## [Work item]
Repeat the data below exactly, dropping any pictures it holds.

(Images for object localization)
--

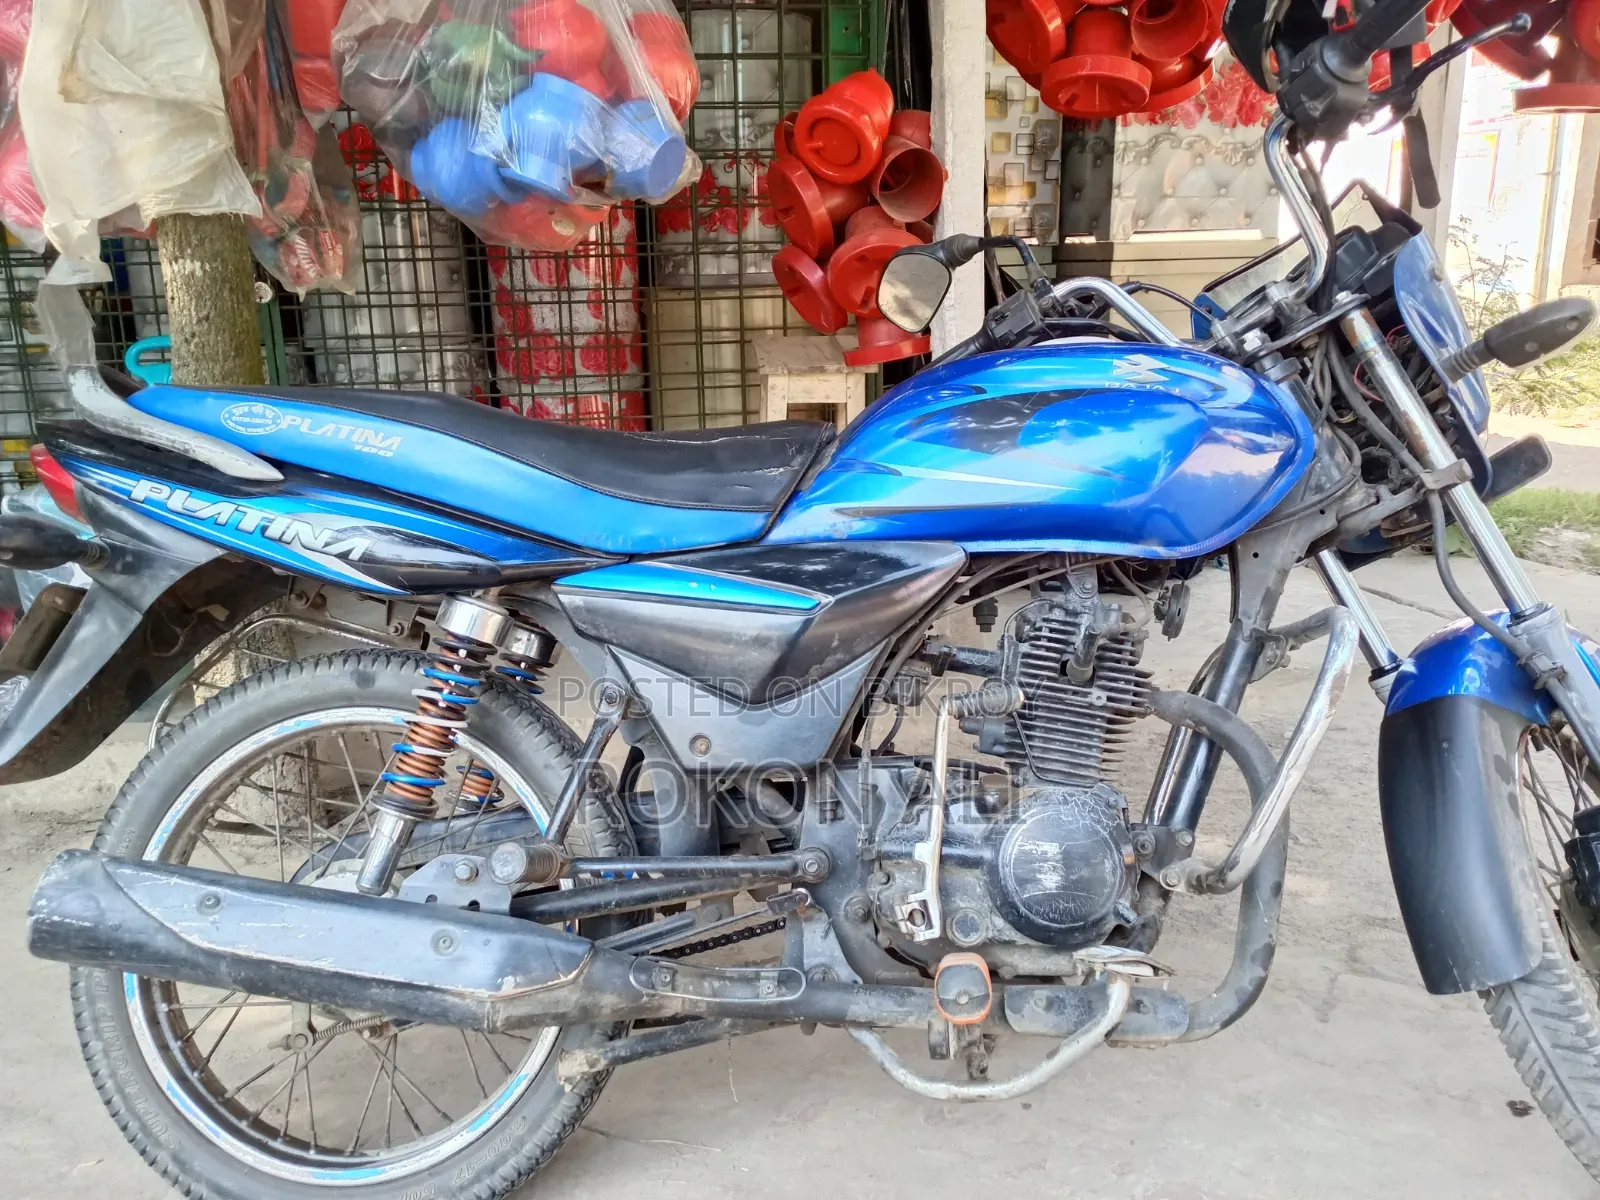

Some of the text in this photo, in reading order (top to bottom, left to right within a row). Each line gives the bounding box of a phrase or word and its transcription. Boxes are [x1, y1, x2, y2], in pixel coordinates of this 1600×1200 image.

[280, 415, 402, 450] PLATINA
[352, 444, 395, 458] 100
[129, 478, 378, 561] PLATINA
[117, 827, 136, 857] YLON
[453, 1115, 527, 1185] 3.00-17
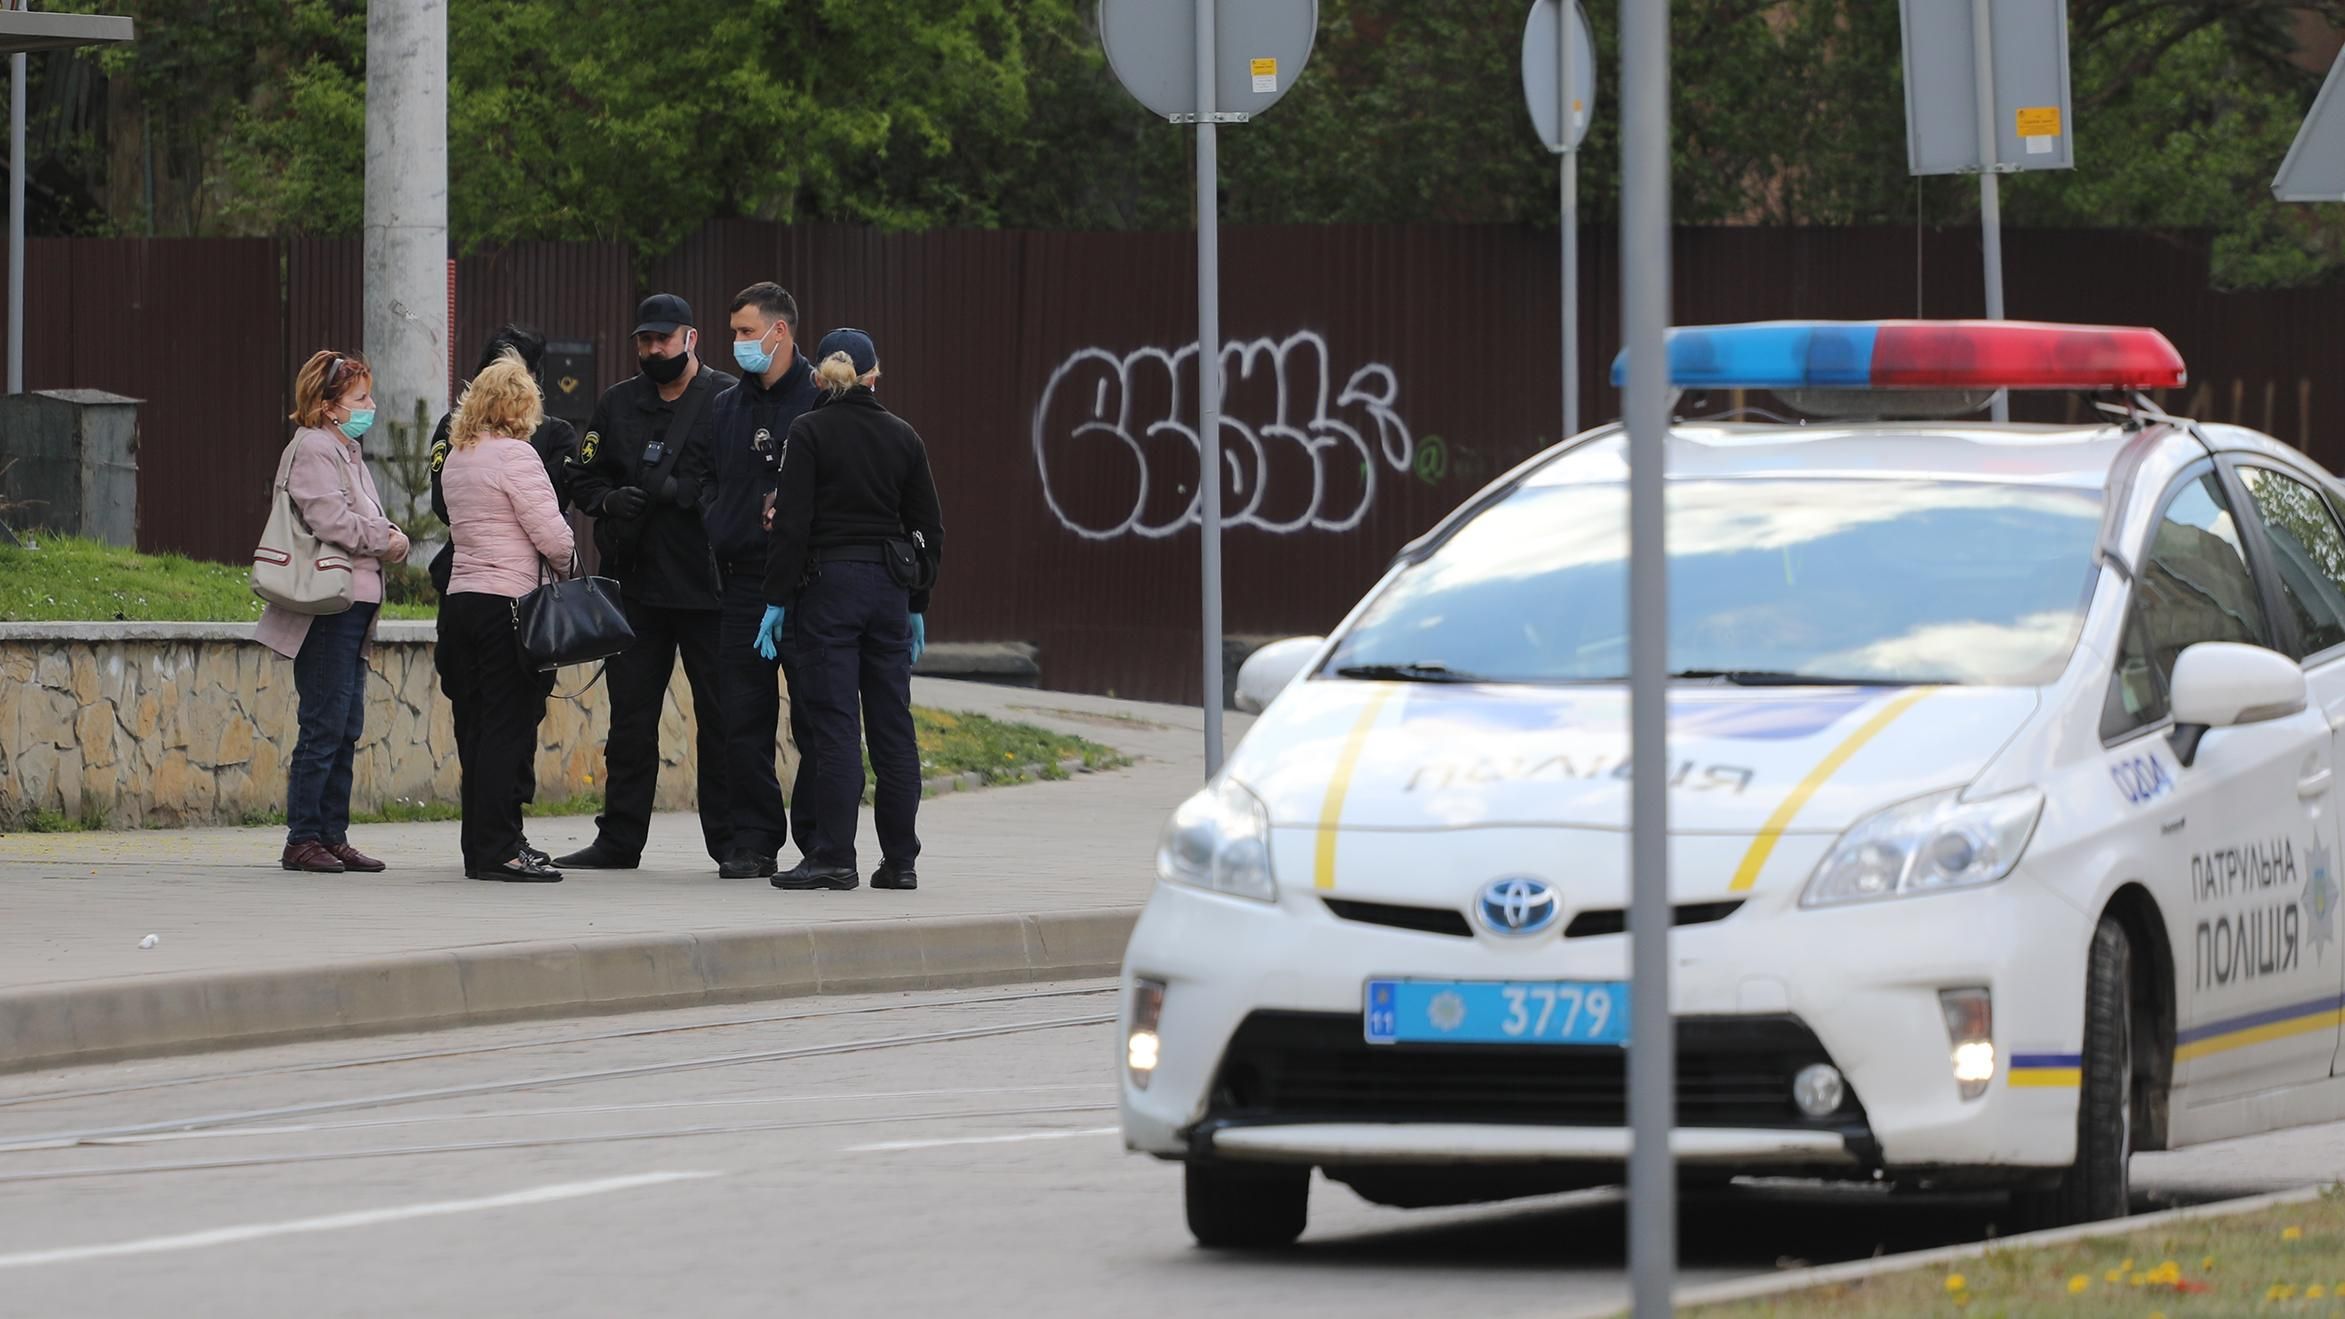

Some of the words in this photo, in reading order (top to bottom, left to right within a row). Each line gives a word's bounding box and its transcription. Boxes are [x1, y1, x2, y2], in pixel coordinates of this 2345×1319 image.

[2191, 835, 2297, 902] ПАТРУЛЬНА
[2195, 903, 2299, 991] ПОЛІЦІЯ
[1372, 1011, 1394, 1034] 11
[1501, 987, 1612, 1037] 3779

--

## [Response]
Some of the text in this photo, in reading order (top to bottom, left to right within a row). Each line gives the bounding box of a phrase or word and its transcription. Boxes are [x1, y1, x2, y2], in pixel coordinates of this 1600×1200 image.

[280, 415, 402, 450] PLATINA
[352, 444, 395, 458] 100
[129, 478, 378, 561] PLATINA
[117, 827, 136, 857] YLON
[453, 1115, 527, 1185] 3.00-17

Some of the words in this photo, in reading order (top to bottom, left to right within a row). Each line gives a word's bounding box and its transcription. Boxes are [x1, y1, x2, y2], in pixel coordinates of this 2345×1319 image.

[2191, 835, 2297, 902] ПАТРУЛЬНА
[2195, 903, 2299, 991] ПОЛІЦІЯ
[1372, 1011, 1394, 1034] 11
[1501, 987, 1612, 1037] 3779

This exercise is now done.